Scope Styles to Components, Not Utility Classes
Context
Utility-class frameworks promise speed: every style has a ready-made classname, and you compose an interface by stringing them together. But that bargain pushes concrete values into the markup (`border-teal-darkest`), so the same classnames that feel convenient also pin an element to a fixed look and fight a themable token system. Left without a convention, projects also drift into a soup of ad-hoc, colliding classnames (`btn`, `main-navbar` defined many times over) that no longer say what an element actually is.
Decision
Encapsulate styles with the component instead of decorating markup with utilities. Reach first for scoped styling, Shadow DOM with `id` selectors or a CSS-in-JS solution, so an element's styles live with the element and reference semantic tokens (`--ds-surface-navigation-background`) rather than literal values. Where a classname is genuinely needed, name it for purpose with a namespace (`ds-main-navbar`), not for the values it sets. Even the usual holdout, visually hidden screenreader-only text, is better modeled as a property on a text component (`<Text screenreaderOnly>`), wired up with `aria-describedby` when it relates to another element, than as an `sr-only` utility.
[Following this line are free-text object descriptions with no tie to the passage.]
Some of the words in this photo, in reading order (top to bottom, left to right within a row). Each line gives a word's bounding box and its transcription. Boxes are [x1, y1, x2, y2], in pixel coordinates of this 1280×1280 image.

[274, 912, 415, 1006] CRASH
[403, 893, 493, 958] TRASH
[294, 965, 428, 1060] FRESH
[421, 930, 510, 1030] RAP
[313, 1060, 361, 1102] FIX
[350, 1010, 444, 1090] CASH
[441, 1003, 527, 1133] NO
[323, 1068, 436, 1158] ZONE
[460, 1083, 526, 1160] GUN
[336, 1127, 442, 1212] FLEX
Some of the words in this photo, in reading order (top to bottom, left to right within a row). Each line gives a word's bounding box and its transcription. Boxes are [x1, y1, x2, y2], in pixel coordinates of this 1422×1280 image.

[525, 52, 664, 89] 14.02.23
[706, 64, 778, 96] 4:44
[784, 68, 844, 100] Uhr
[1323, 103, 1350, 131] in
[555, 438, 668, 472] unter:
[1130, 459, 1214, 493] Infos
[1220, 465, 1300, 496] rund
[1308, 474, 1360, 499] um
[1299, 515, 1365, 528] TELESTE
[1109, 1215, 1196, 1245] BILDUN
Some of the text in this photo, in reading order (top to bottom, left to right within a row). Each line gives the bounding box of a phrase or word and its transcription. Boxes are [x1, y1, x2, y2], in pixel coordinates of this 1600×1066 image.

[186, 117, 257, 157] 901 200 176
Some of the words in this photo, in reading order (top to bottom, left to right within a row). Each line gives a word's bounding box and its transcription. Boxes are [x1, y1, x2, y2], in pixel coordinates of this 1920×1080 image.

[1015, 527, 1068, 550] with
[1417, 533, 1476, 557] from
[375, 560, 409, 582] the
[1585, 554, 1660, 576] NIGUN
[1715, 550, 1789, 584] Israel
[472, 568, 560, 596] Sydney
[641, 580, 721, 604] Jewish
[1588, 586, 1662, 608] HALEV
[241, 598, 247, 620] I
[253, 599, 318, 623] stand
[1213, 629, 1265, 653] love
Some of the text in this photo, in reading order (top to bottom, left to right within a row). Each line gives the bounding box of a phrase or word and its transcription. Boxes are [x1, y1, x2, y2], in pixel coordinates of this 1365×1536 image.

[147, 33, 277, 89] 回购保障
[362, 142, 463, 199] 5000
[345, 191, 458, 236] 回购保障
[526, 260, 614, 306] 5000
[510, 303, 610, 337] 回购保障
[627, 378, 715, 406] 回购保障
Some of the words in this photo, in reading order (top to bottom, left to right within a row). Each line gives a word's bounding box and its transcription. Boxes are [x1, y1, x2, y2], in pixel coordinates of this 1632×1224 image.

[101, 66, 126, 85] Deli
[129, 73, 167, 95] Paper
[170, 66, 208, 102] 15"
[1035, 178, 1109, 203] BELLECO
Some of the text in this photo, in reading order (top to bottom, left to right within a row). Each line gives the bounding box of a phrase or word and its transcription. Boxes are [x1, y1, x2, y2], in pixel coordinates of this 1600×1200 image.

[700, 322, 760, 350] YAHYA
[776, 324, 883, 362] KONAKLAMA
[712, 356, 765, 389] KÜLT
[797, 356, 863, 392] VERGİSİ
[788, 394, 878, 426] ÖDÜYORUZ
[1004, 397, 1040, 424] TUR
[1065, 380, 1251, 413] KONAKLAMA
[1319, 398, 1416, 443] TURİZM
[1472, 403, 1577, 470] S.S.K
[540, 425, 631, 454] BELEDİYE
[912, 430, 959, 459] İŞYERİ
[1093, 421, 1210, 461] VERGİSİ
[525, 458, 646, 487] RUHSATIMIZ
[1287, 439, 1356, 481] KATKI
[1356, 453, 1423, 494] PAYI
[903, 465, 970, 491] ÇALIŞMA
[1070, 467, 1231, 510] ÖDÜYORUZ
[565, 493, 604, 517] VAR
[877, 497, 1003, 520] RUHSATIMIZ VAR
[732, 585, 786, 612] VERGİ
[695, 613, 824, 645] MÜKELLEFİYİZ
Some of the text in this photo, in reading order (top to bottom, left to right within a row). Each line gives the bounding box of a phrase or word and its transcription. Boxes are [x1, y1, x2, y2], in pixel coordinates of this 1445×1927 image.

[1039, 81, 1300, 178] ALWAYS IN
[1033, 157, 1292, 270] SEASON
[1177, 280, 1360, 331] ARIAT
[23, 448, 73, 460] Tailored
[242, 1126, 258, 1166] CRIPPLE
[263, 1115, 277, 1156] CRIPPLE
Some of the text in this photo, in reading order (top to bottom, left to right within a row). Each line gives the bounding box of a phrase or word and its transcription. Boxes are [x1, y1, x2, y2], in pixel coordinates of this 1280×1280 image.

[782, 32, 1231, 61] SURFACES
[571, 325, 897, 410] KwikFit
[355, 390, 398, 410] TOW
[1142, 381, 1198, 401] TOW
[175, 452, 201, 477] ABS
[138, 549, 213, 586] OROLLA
The aim is a system with no utility-class exceptions to reason about at all.
Alternatives Considered
Utility-class framework (e.g. Tailwind) 👍 Pros 👎 Cons - Fast to compose; every style has a ready-made class
- No separate stylesheet to name or maintain
- Consistent spacing and color steps out of the box
- Classnames encode concrete values, which fights a themable token system
- Styling detail lives in the markup, so re-theming means editing every element
- Long, repeated class strings for what is usually a missing component
Global, hand-named classnames (BEM and similar) 👍 Pros 👎 Cons - Readable, purpose-driven names
- Names collide across a codebase, with no scope to keep them apart
- Unrelated styles leak into each other
Reasoning
The split that matters is semantic versus prescriptive. A semantic token, or a purpose-named class, describes what an element is for and lets its values change across themes; a prescriptive utility class hard-codes the value and cannot. Scoping styles to the component removes the need for unique global classnames at all, an `id` inside a shadow root never collides, and keeps each element pointed at intent-named tokens. The recurring complaint that you would otherwise retype a long list of properties is real, but it is usually a signal to make a component, not a reason to spray values across the markup. As the rule goes: if it has a purpose, it should have a name.
Why it mattered
Keeping styling out of the markup is what lets a single component re-theme without a find-and-replace through every view. It is the same bet as naming tokens by intent: describe purpose once, defer the values, and let a scope re-value them later. Utilities optimize the first five minutes of typing; scoped, semantic styles optimize every change after that.